I grew up the son of a bus driver and construction worker, the fifth of seven kids born into a working-class African-American household in South Miami Dade.
We didn’t have much money, but my parents and grandmother made sure we took our education seriously. I was blessed to have great public school teachers who poured their energy, time and love into me.
Without them I wouldn’t be running for Governor today — and next year as Governor, we’re going to give all of our teachers and support staff the raise they deserve. From setting a statewide floor for new teachers’ salaries of $50,000, to bringing every public school instructional teacher up to the national salary average of $58,000, and making sure veteran teachers are compensated for their years of service, it’s time our teachers get paid appropriately for doing some of the important work in our society.
Right now, they’re woefully underpaid, and many are struggling to provide for themselves. Miami-area teachers can only afford 9 percent of houses in that area. In North Florida’s Gadsden County, the average teacher makes only $35,474. And nearly half our households struggle to make ends meet.
The bottom line is that teachers today are making less than they did in 2000. We now rank 47th in America in average instructional staff salary. Next year we may fall to 50th — dead last in America.
So as Governor, I’m going to inject new revenue into the state budget by legalizing and taxing recreational marijuana.
In 2016, 71 percent of voters overwhelmingly approved medical marijuana usage. I’ve been outspoken on the need for Florida’s Republican-dominated legislature to get their act together and finally implement that system.
And now is the time to reform our criminal justice system by legalizing recreational marijuana and taxing it to generate badly-needed new revenue.
Colorado provides a great case study on the benefits of legalization. In 2017, they collected $247 million in marijuana tax revenue in a state of about 5.06 million people in a corner of the country where five states have legalized recreational marijuana.

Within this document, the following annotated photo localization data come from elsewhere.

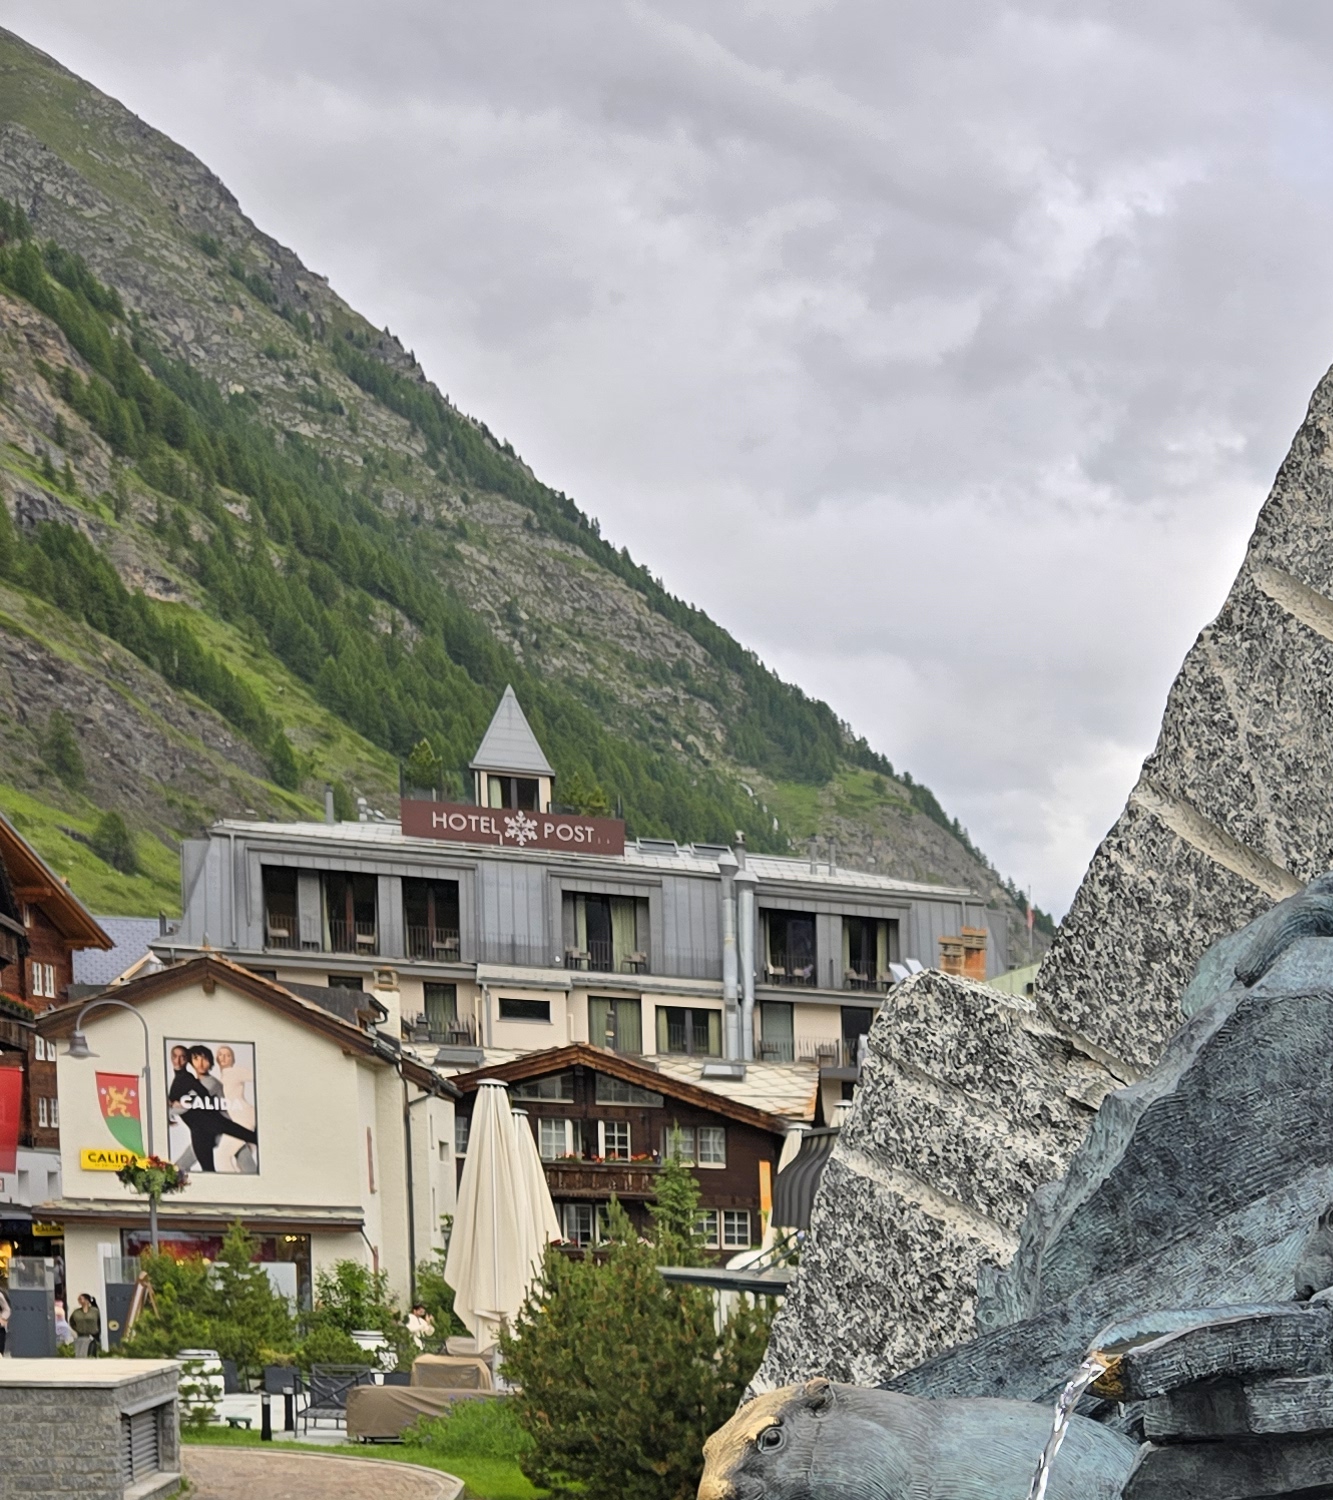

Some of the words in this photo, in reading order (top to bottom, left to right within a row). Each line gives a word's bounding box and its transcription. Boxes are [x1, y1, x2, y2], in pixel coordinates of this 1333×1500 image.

[432, 811, 501, 837] HOTEL
[543, 821, 595, 843] POST
[180, 1094, 244, 1111] CALIDA
[87, 1153, 138, 1164] CALIDA
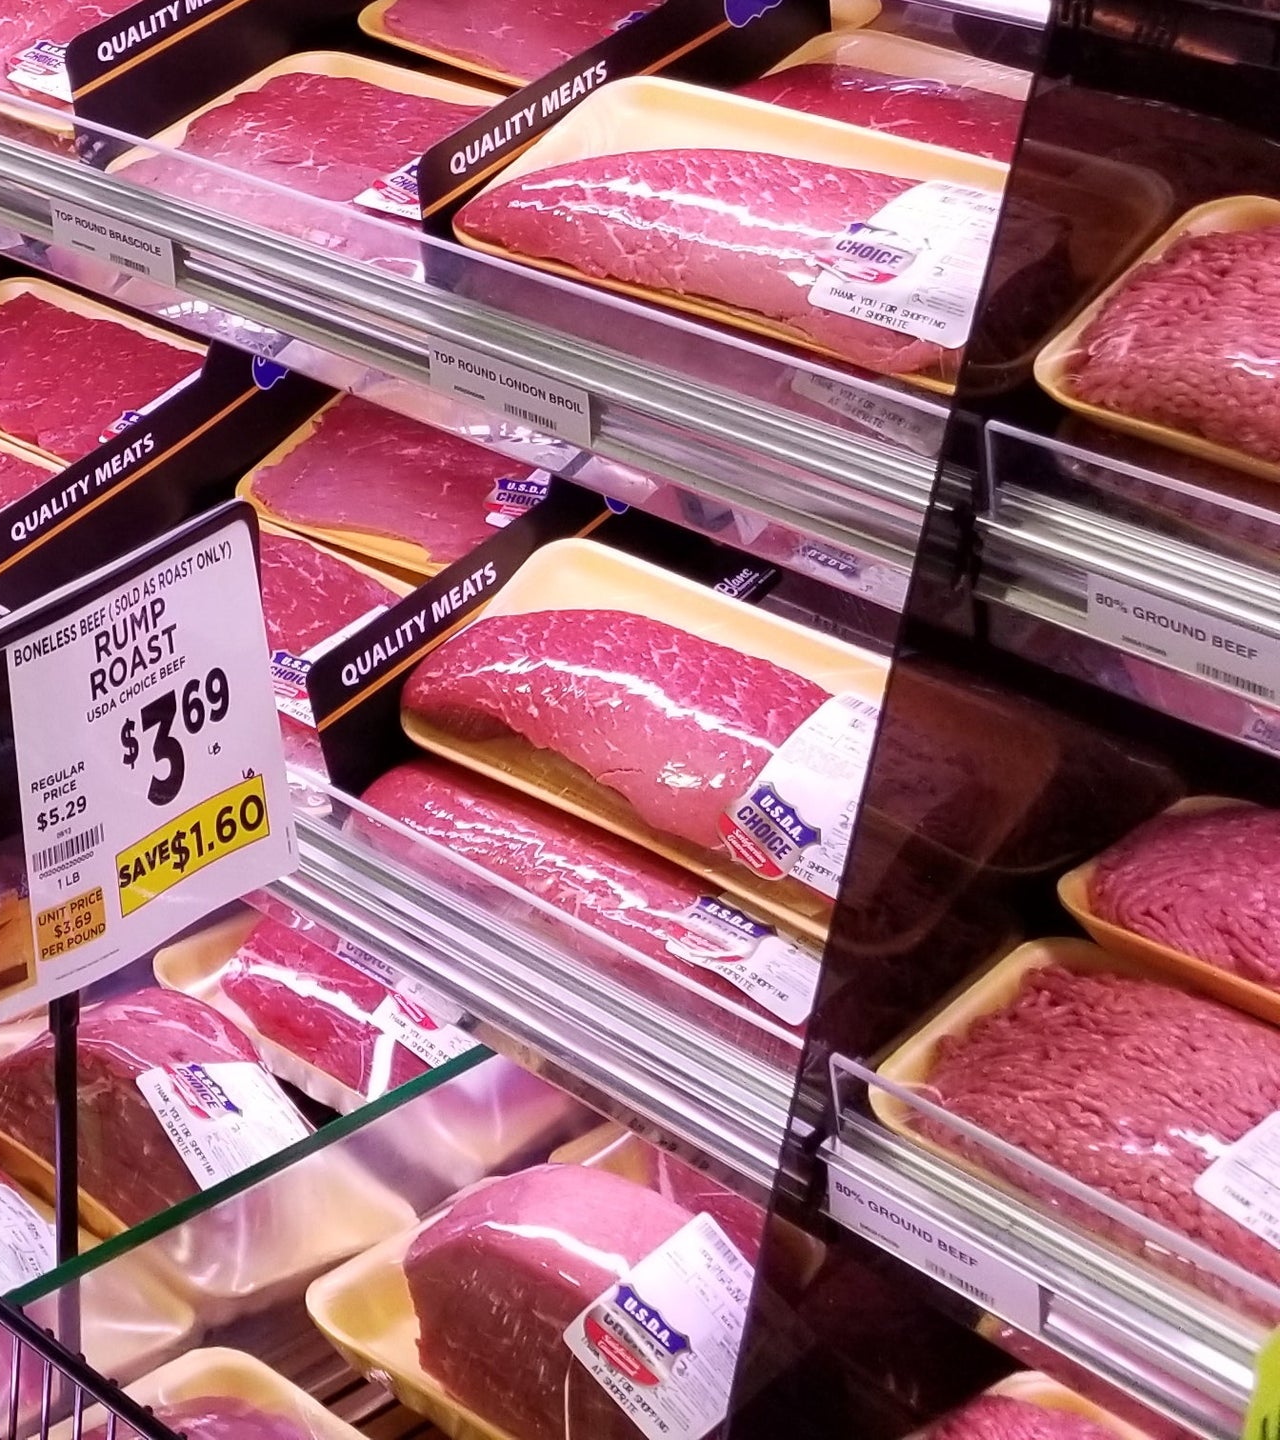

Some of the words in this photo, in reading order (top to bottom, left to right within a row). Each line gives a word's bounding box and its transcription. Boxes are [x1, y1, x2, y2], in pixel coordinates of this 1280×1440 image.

[95, 598, 166, 663] RUMP
[1133, 607, 1206, 642] GROUND
[1211, 635, 1258, 660] BEEF
[90, 624, 178, 703] ROAST
[737, 806, 792, 860] CHOICE
[760, 795, 804, 841] U.S.D.A.
[38, 907, 68, 928] UNIT
[70, 889, 104, 915] PRICE
[54, 911, 93, 939] $3.69
[41, 940, 67, 959] PER
[70, 922, 106, 948] POUND
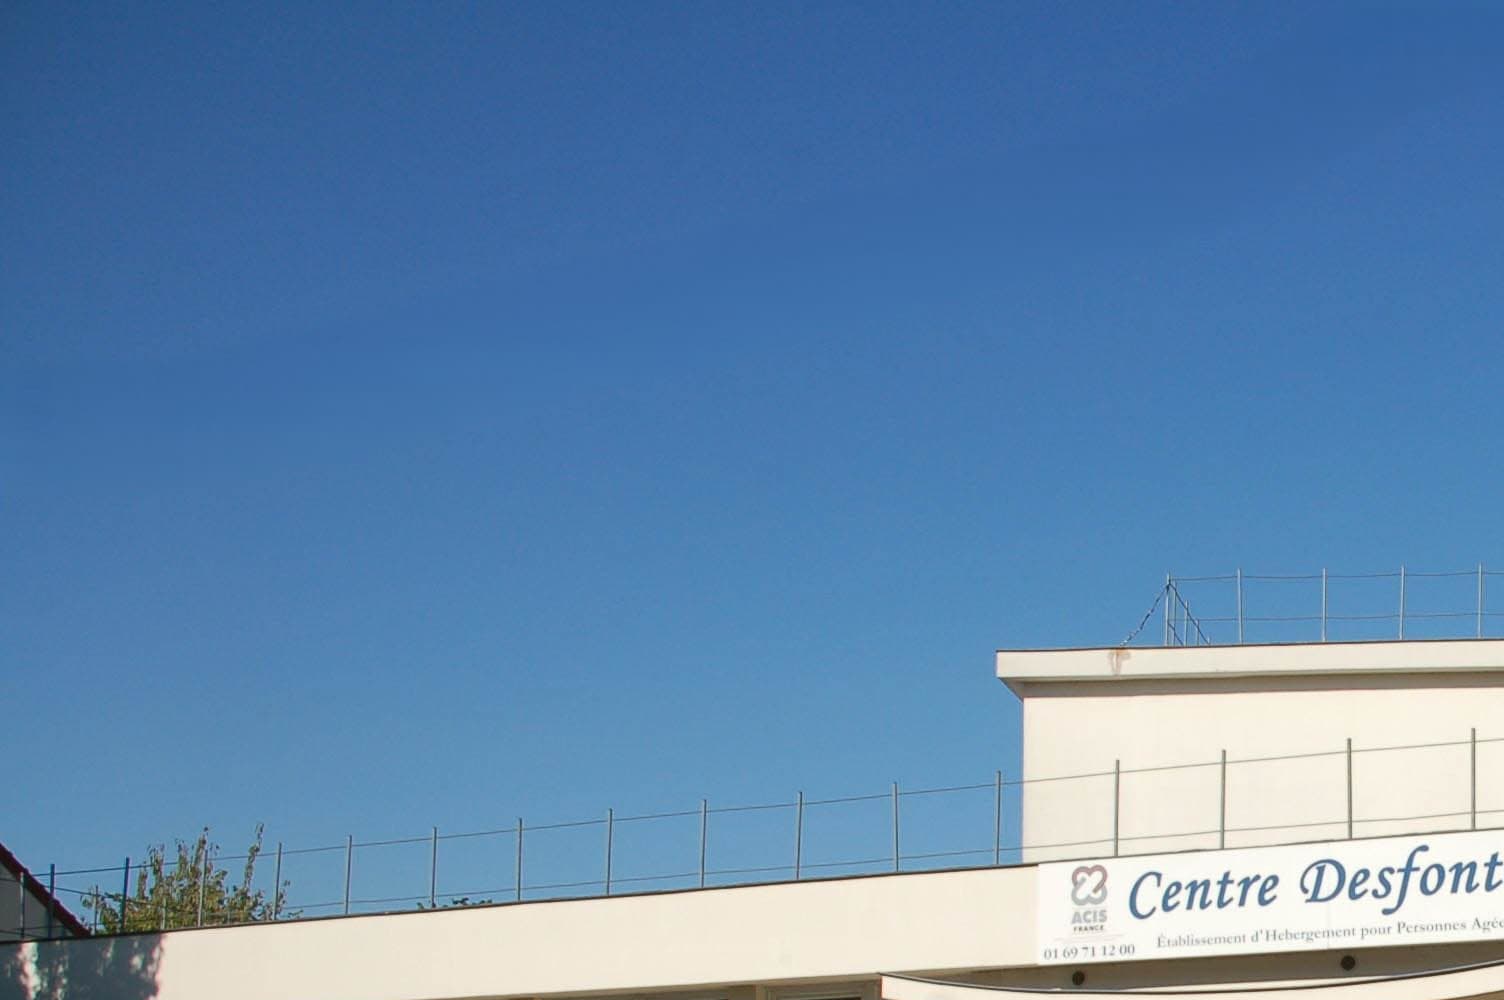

If we scale up Colorado’s model to the Sunshine State, the potential new revenue is extraordinary. We live in a state of more than 20 million people, and there are no other states near us that have legalized recreational marijuana. We could raise anywhere from $900 million to $1 billion in new annual revenue — and that doesn’t include new economic activity from people no longer incarcerated for simple possession crimes, or low-level marijuana offenses.
In my first term as Governor, we’d phase in a new instructional staff and support staff pay raises each year over four years, to make sure we’re giving local jurisdictions time to implement and adjust. But make no mistake — I will pass a teacher pay raise in my first Session as Governor. Our teachers are in the midst of an economic crisis, and if we don’t act with the urgency this situation requires, we could continue seeing alarming headlines like these:
Paying our public school teachers and support staff isn’t a partisan issue; an overwhelming majority of our kids go to public schools. Public education is a cornerstone of the compact between our state’s government and our citizens.
Our students are bringing troubled home situations, food insecurity, and aging textbooks into the classroom — and we entrust our teachers to mold and shape their minds and lives. It’s time we rewarded that critical work with the salaries and pay raises it deserves.